Observability” is a broad term that has its roots in traditional engineering principles of control theory, where the measure of the internal state of a system can be observed using only its external outputs. For software specifically, it has been coopted to represent the bringing together of various raw outputs like metrics, events, logs, and traces, to allow software developers to gain a real-time picture of how their systems are performing and where issues might be occurring, at scale and without any data sampling.

The rise of applications being constructed using microservices spread across containers orchestrated by Kubernetes has made it harder than ever for software developers, devops teams, and software reliability engineering (SRE) teams to keep track of how their complex, distributed systems are performing—and even harder to pinpoint issues and resolve them before they affect the user.

Splunk, alongside rival vendors such as Sumo Logic, Dynatrace, Data Dog, New Relic and newcomer Honeycomb, are increasingly looking to offer a comprehensive observability suite out of the box, rather than relying on developers to bring together the various tools and instrumentation techniques required to gain any semblance of observability today.

With Observability Cloud, Splunk is providing a single interface for various core logging, monitoring, and incident-response dashboards and tools, including machine learning-powered alerting. The key elements of the product include:

  • Splunk Infrastructure Monitoring
  • Splunk APM for application performance monitoring
  • Splunk Log Observer
  • Splunk Real User Monitoring (RUM)
  • Splunk Synthetic Monitoring for APIs, service endpoints, business transactions, and user flows
  • Splunk On-Call for incident response

Observability Cloud is built on OpenTelemetry, an open source project that came about as a merger between OpenCensus and OpenTracing and aims to create an open industry standard for telemetry data from cloud-native software and applications. The sandbox project currently sits with the Cloud Native Computing Foundation (CNCF) and has gathered broad support.

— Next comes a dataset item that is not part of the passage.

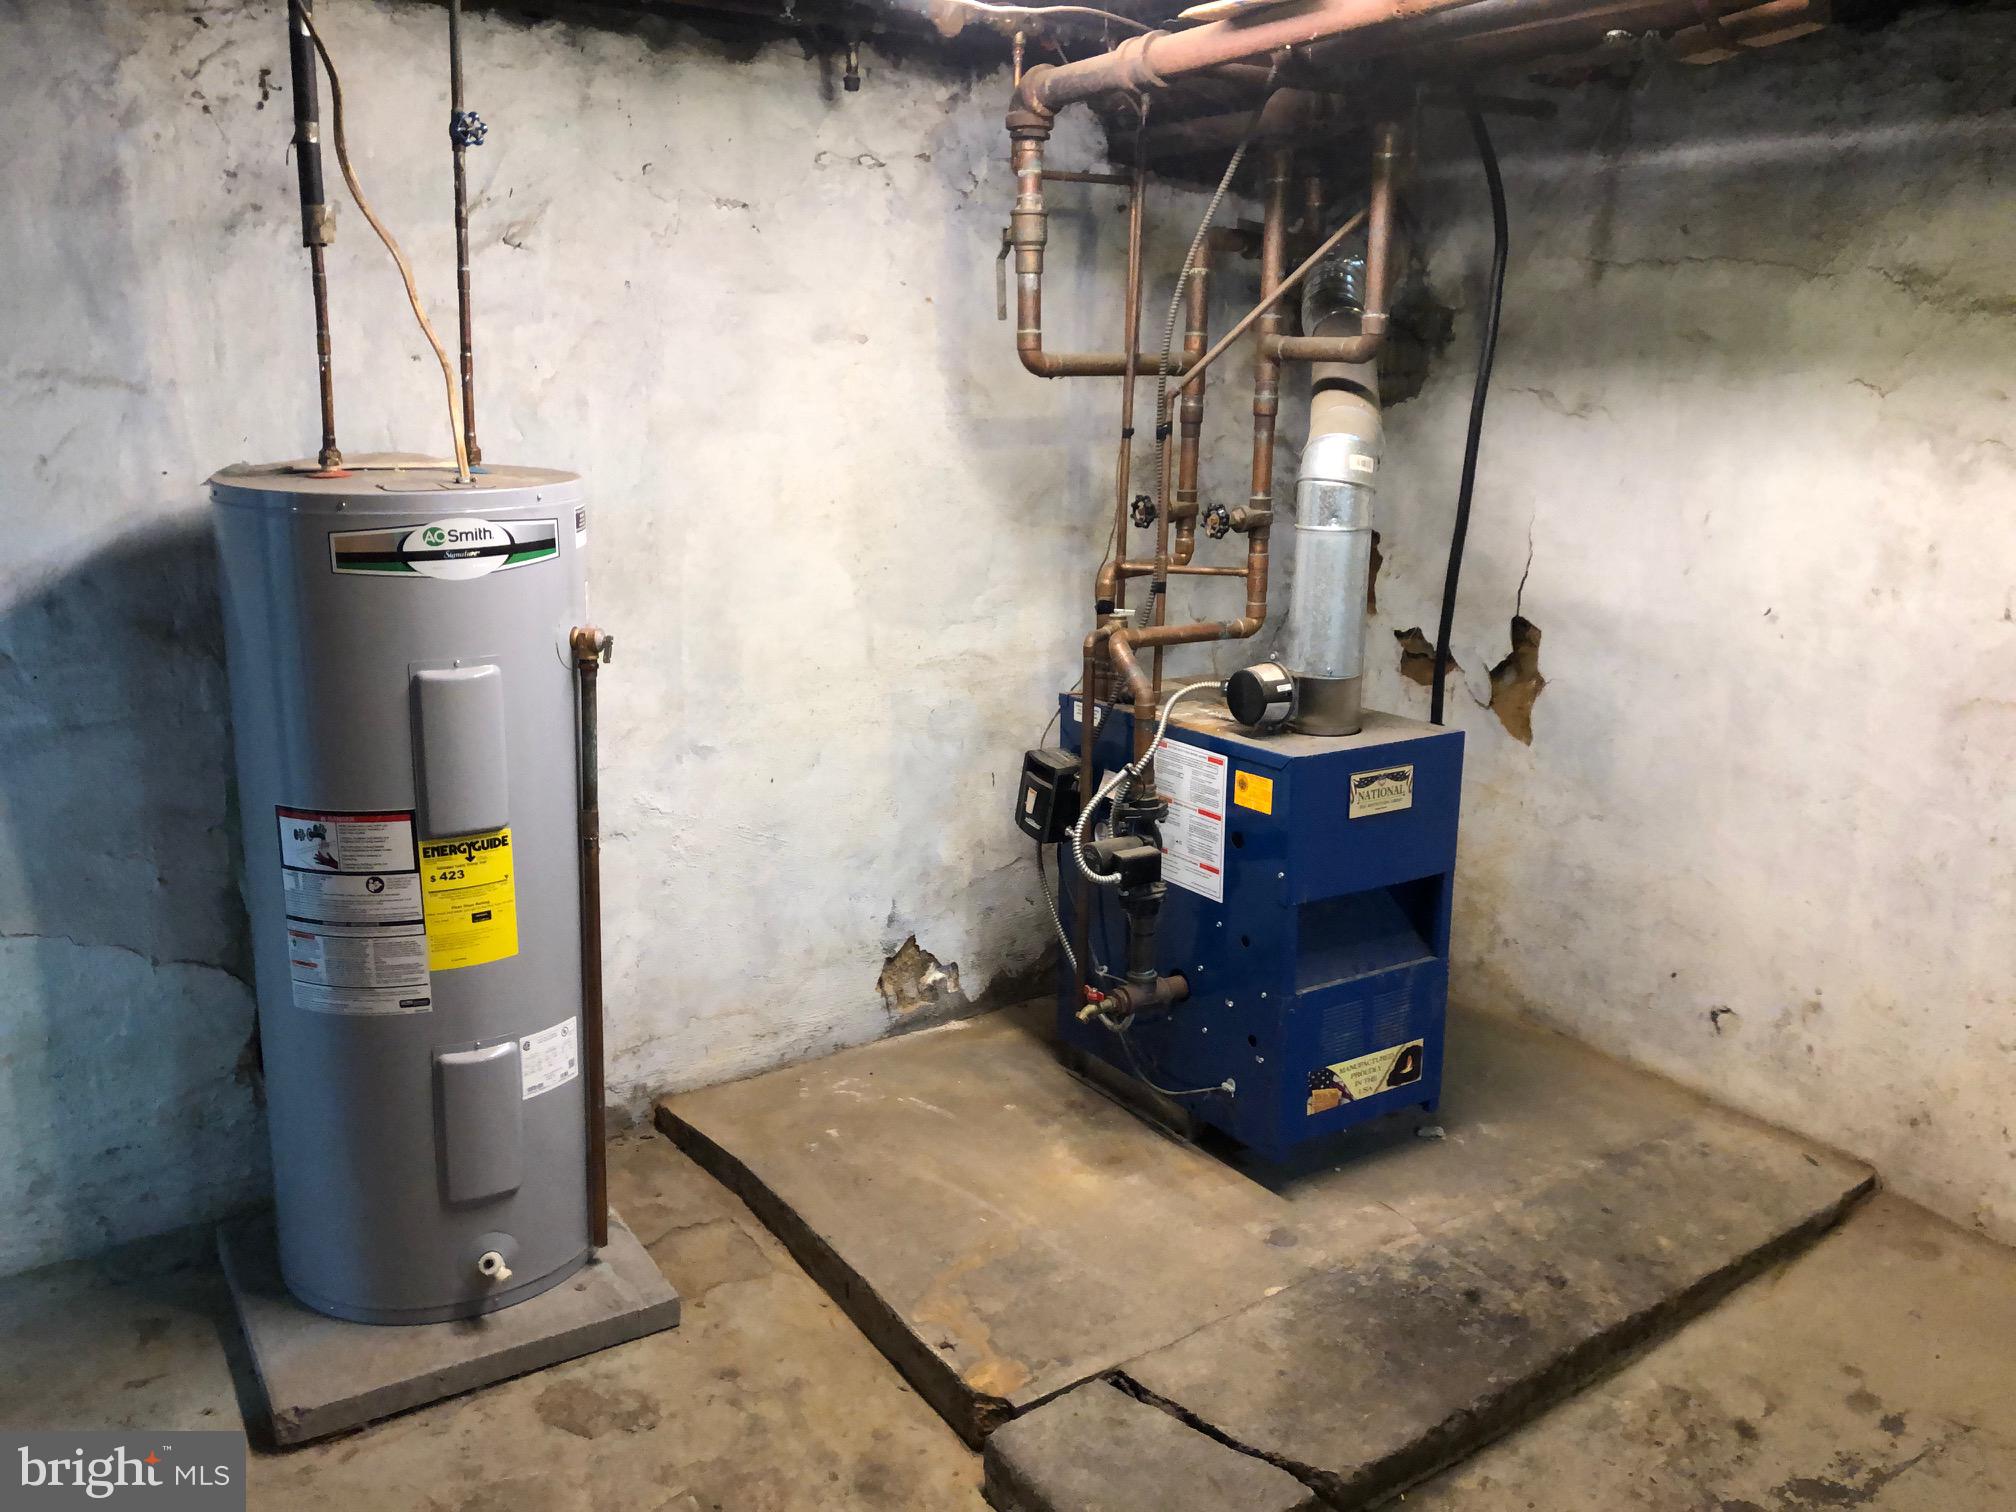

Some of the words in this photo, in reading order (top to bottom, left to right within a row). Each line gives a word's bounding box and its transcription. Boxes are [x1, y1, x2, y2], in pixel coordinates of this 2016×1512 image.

“We realized that proprietary instrumentation is bad for users because they don’t have control of that data and it creates data silos that aren’t connected at the source. Now we have standardized and made that open source,” said Spiros Xanthos, VP of product management, observability, and IT operations at Splunk.

Now, by connecting those data sources, Splunk can better layer on “smart” machine-learning-enabled analytics, which is promised to spot performance issues automatically and “maybe even go further to find the root cause,” Xanthos said.

One early customer is the computer and personal electronics manufacturer Lenovo, which says it has been able to reduce its mean time to resolution for incidents from 30 minutes to under five minutes and maintain 100% uptime during peak traffic loads on the very busy Black Friday online shopping period by using the Observability Cloud in beta.

Splunk Observability Cloud is now generally available; it is priced by host, based on your infrastructure size.